The five-second rule has saved you from having to remake your meals plenty of times right? Bad news, however: food that has contacted the floor will remain safe after five seconds is a myth. Unfortunately, it only requires a tiny fragment of a second for bacteria to contaminate your food; it happens so quickly there is no way you can pick it up in time to save it unless you have the Flash’s superhuman speed. However, keep your flooring clean if you wish to try your luck, and hope for the best.

Chocolate is an aphrodisiac:

This is a myth that has existed since the 80s and is likely the reason chocolates fly off the shelves on February 14th. Those heart-shaped boxes do not have as significant of an impact as some may think. Studies have not been able to establish a proper link between chocolates and sexual stimulation and satisfaction. However, it does not mean the placebo effect is not still going strong.

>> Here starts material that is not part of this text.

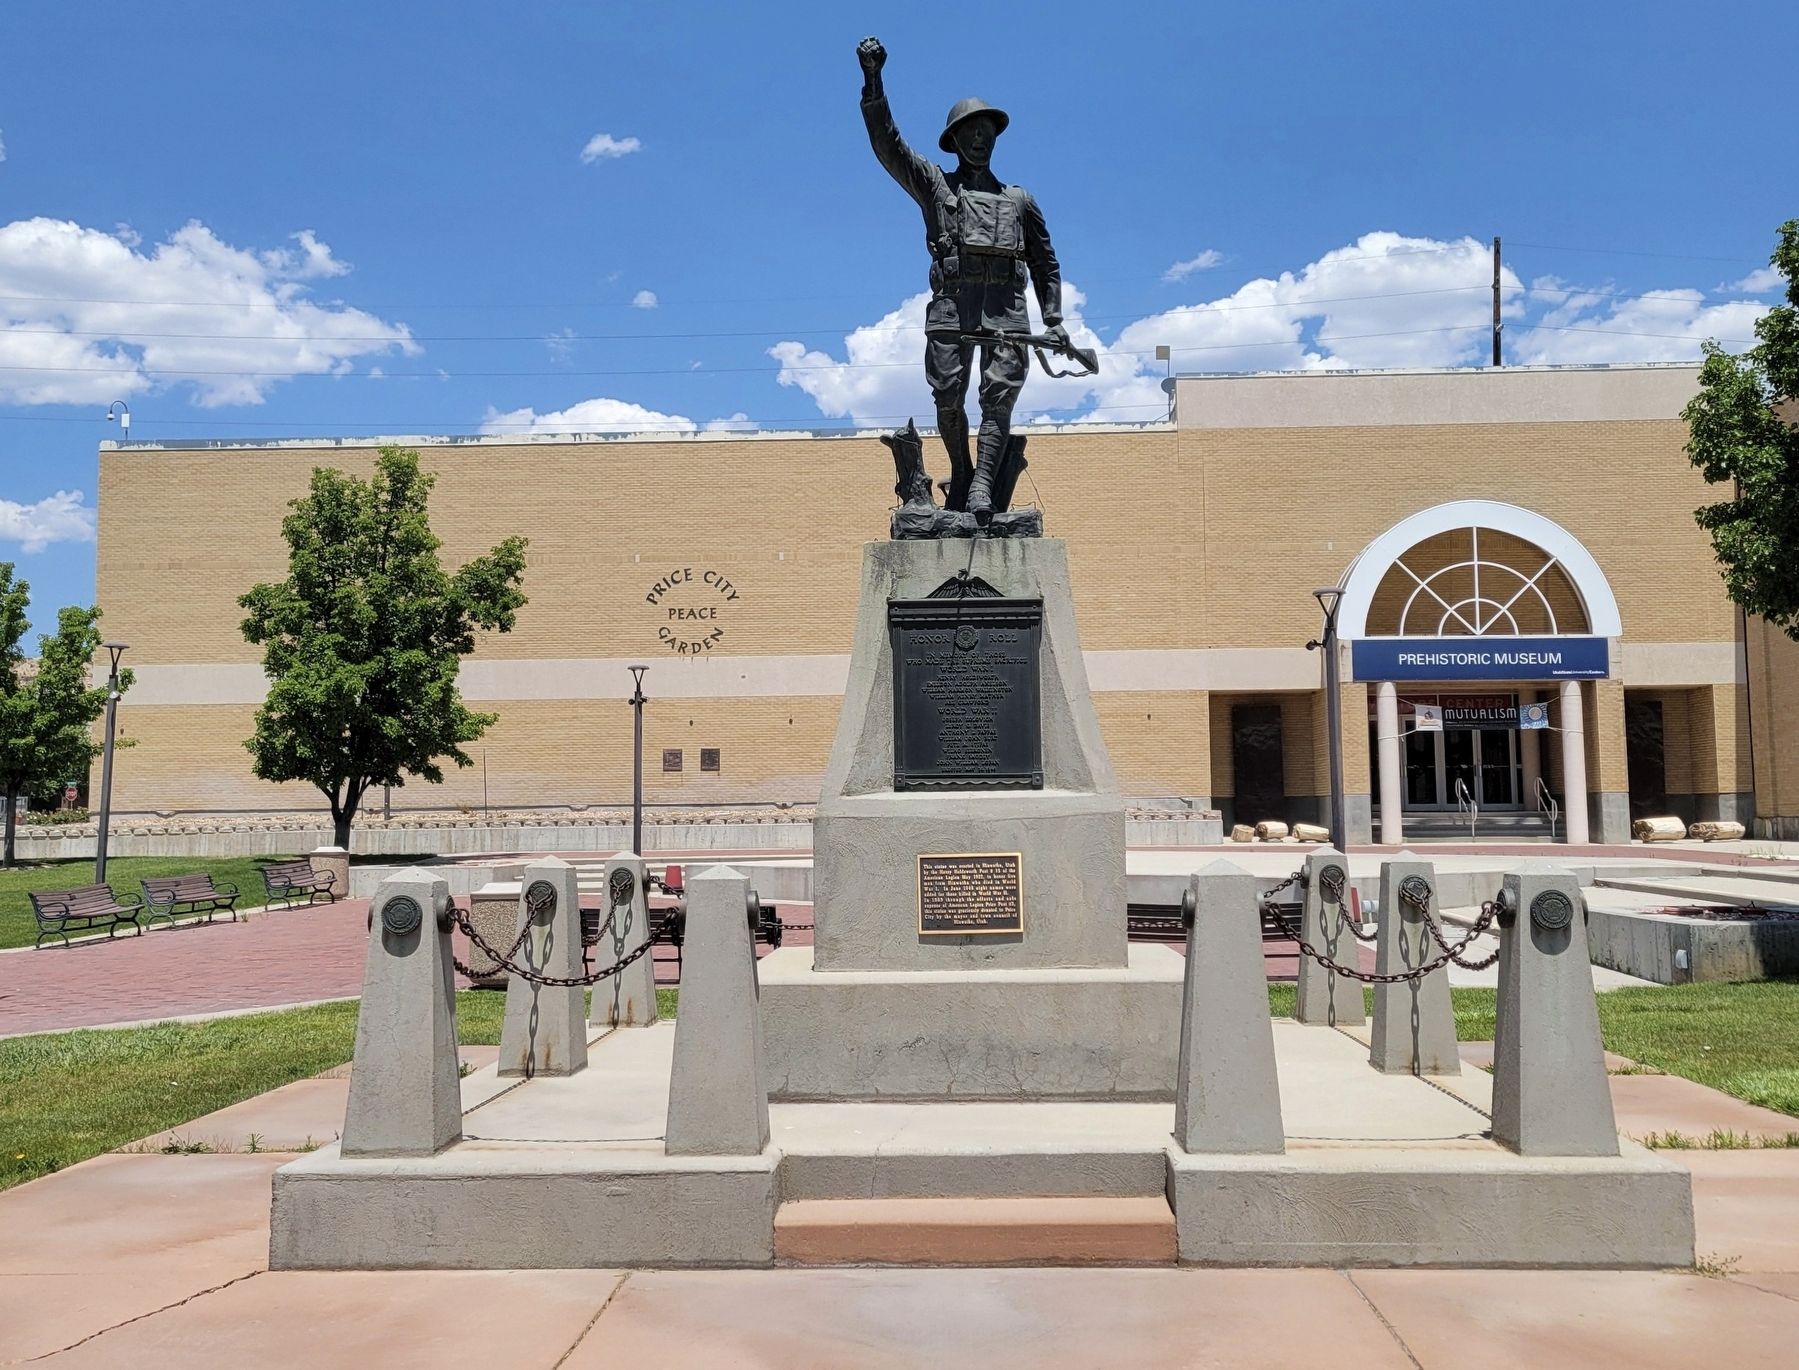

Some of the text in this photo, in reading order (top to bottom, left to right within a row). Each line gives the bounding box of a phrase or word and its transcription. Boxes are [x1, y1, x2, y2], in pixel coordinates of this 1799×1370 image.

Since folks believe chocolate can help them ramp up their sexual drive, they can make it happen by thinking it will. There may be no science, but hey, if it works, it works right?

Eating fat makes you fat:

Despite the fact that avocados, walnuts, olive oil, along with other wholesome fats are filled with body-boosting advantages, there is still this weird fear that eating fat will make you fat, even though it’s wholly a myth.

Many fear eating fat, the myth originating from the trend that captivated the public from the ’90s. However, it’s wrong. When you boost your healthy fat consumption and decrease your intake of processed, white carbohydrates, you are going to stay satiated longer, stabilize your blood sugar, and instruct your body to burn off excess body fat, rather than rely on rapid bursts of carbohydrates and sugar for energy.

Organic food is better for you:

When it’s more expensive, it is better for you, right? Not necessarily. Despite food being free of pesticides and insecticides, there is no evidence that it is any better for you than standard food.

A 2012 research from Stanford University looked to the distinction between organic and non-organic foods and did not find anything that showed the natural variations were any more nutritious or carried fewer health risks than the normal stuff, although people are paying more in the grocery store for this. Eat your fruits and veggies and do not be worried about paying a premium.

Eight glasses of water a day:

When it comes to drinking water, everybody tends to abide by the same standard rule: Drink eight glasses each day to stay healthy and hydrated. The funny thing, those two don’t go hand in hand. It’s entirely a myth as everybody’s body is different- we all have different heights, weights, activities that we do, and climates that we live in. You do not have to abide by a strict rule to receive all the fluids your body requires. According to the Mayo Clinic, correct intake has more to do with you as an individual, not a standard number: Folks should drink based on their age, location, and health, and- also keep in mind that a number of those fluids may come from foods.